Task instructions ▸ Return the data below exactly, please, but drop the pictures.

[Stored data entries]
□ □ □ □ □ □ □

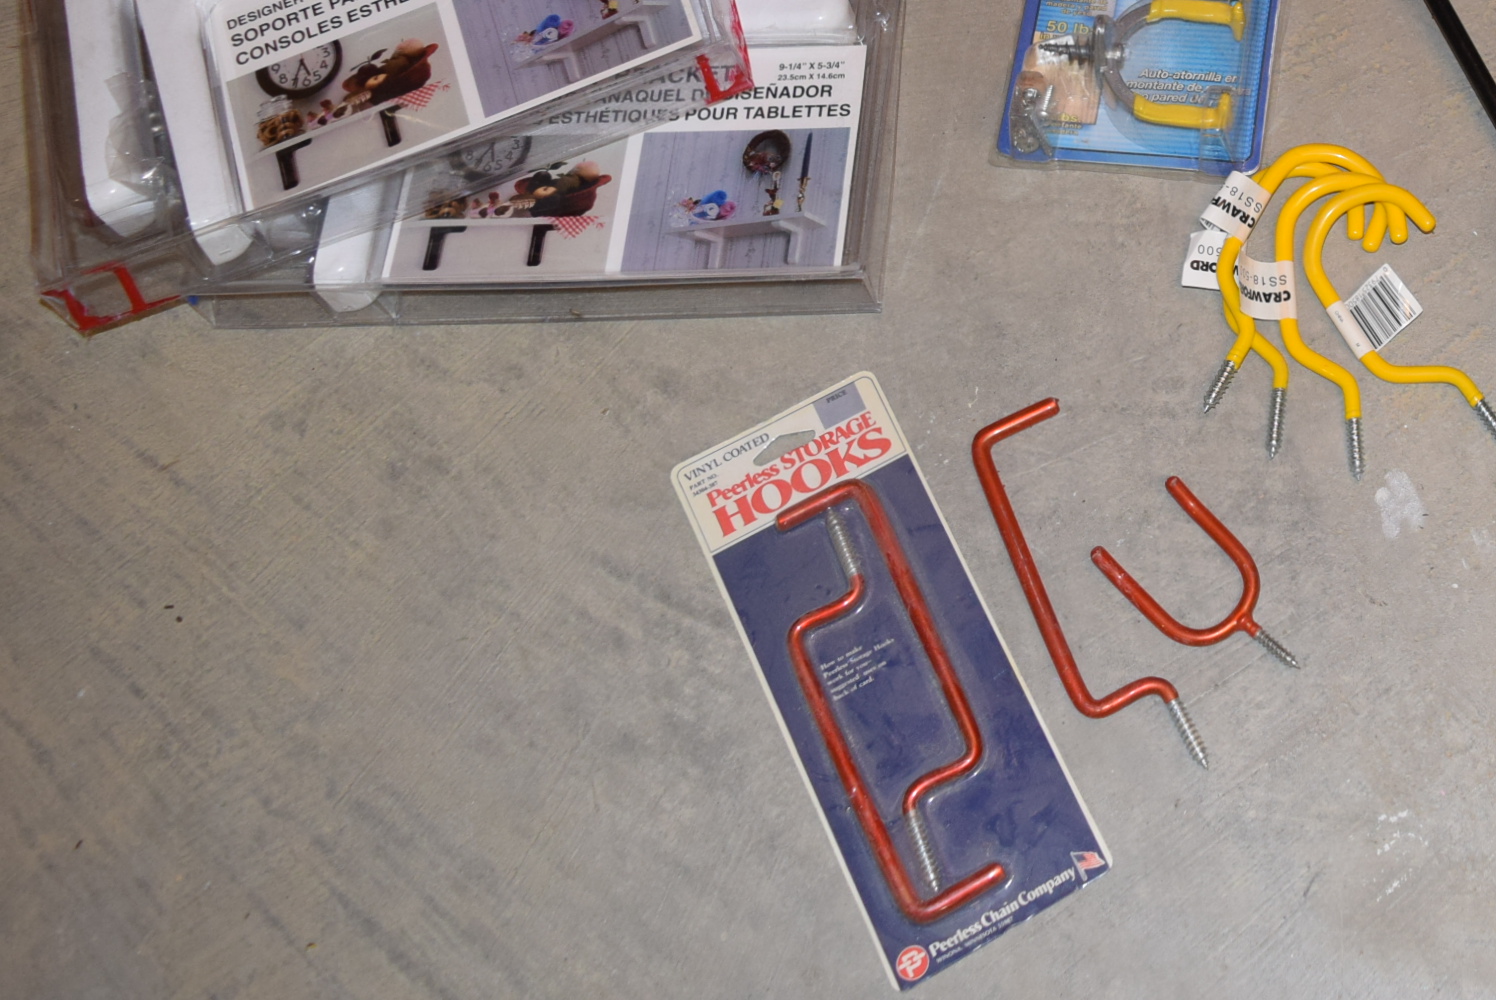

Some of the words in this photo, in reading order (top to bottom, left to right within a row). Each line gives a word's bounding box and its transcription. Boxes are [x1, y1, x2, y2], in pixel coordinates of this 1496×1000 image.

[230, 2, 325, 47] SOPORTE
[1047, 20, 1068, 33] 50
[236, 15, 343, 66] CONSOLES
[1126, 80, 1184, 91] montante
[1186, 83, 1203, 92] de
[1138, 68, 1222, 82] Auto-atornilla
[685, 107, 738, 121] POUR
[744, 103, 851, 120] TABLETTES
[1150, 92, 1188, 103] pared
[826, 389, 847, 403] PRICE
[684, 457, 722, 482] VINYL
[723, 432, 770, 462] COATED
[706, 464, 780, 508] Peerless
[780, 411, 877, 470] STORAGE
[712, 427, 892, 538] HOOKS
[928, 922, 983, 958] Peerless
[980, 900, 1020, 927] Chain
[1018, 866, 1078, 907] Company
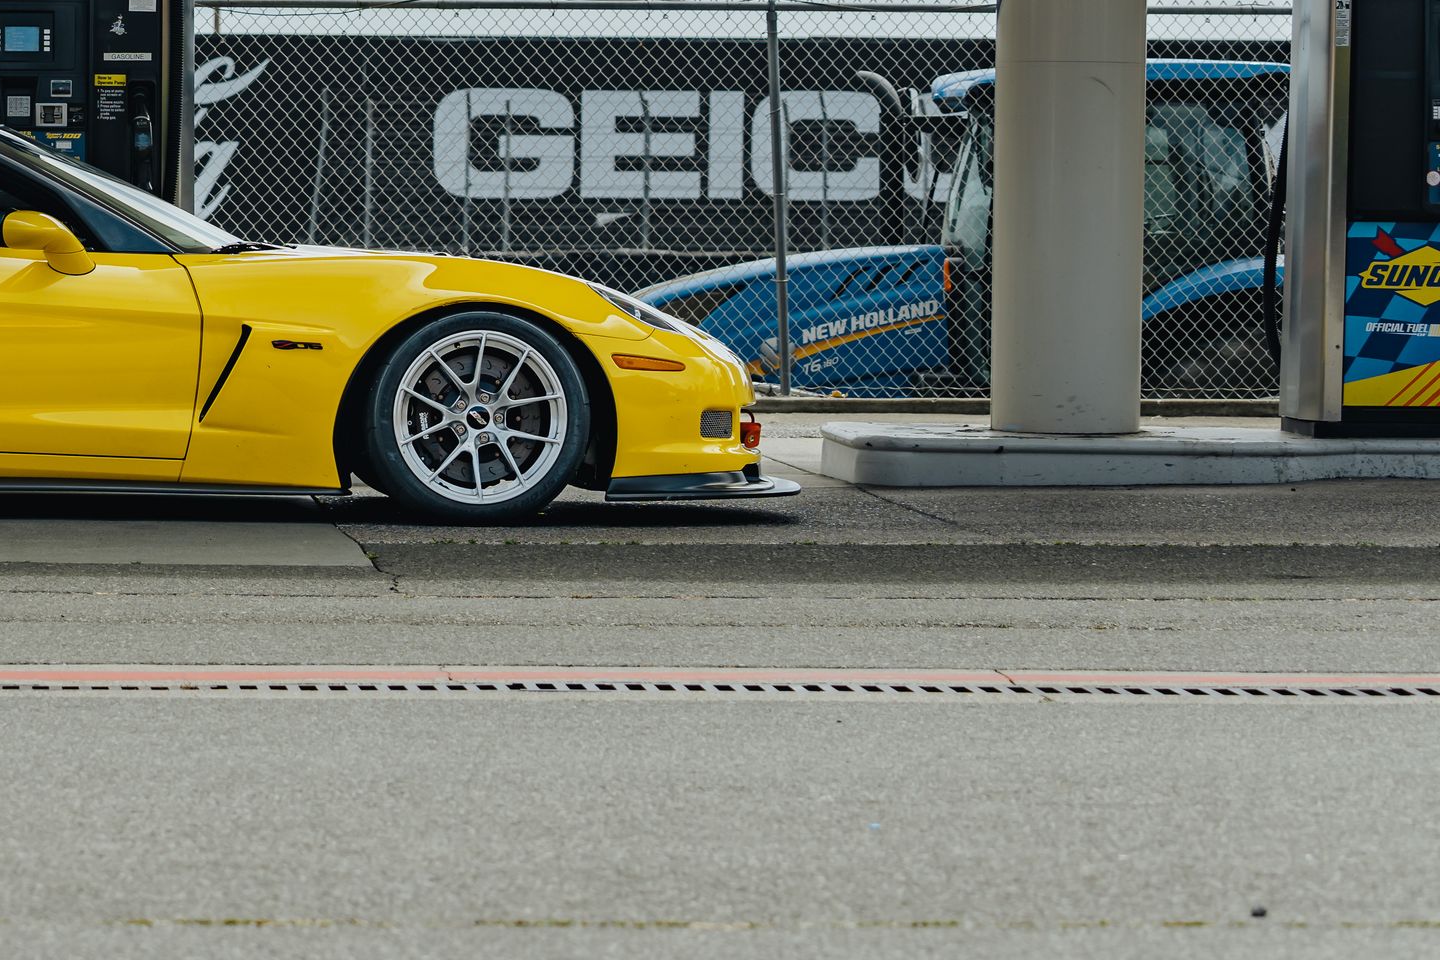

□ □ □ □ □ □ □

Answer area ▸
Some of the words in this photo, in reading order (top to bottom, left to right within a row). Each line gives a word's bounding box and its transcription. Boxes are [x1, y1, x2, y2], in pixel coordinates of this 1496×1000 image.

[230, 2, 325, 47] SOPORTE
[1047, 20, 1068, 33] 50
[236, 15, 343, 66] CONSOLES
[1126, 80, 1184, 91] montante
[1186, 83, 1203, 92] de
[1138, 68, 1222, 82] Auto-atornilla
[685, 107, 738, 121] POUR
[744, 103, 851, 120] TABLETTES
[1150, 92, 1188, 103] pared
[826, 389, 847, 403] PRICE
[684, 457, 722, 482] VINYL
[723, 432, 770, 462] COATED
[706, 464, 780, 508] Peerless
[780, 411, 877, 470] STORAGE
[712, 427, 892, 538] HOOKS
[928, 922, 983, 958] Peerless
[980, 900, 1020, 927] Chain
[1018, 866, 1078, 907] Company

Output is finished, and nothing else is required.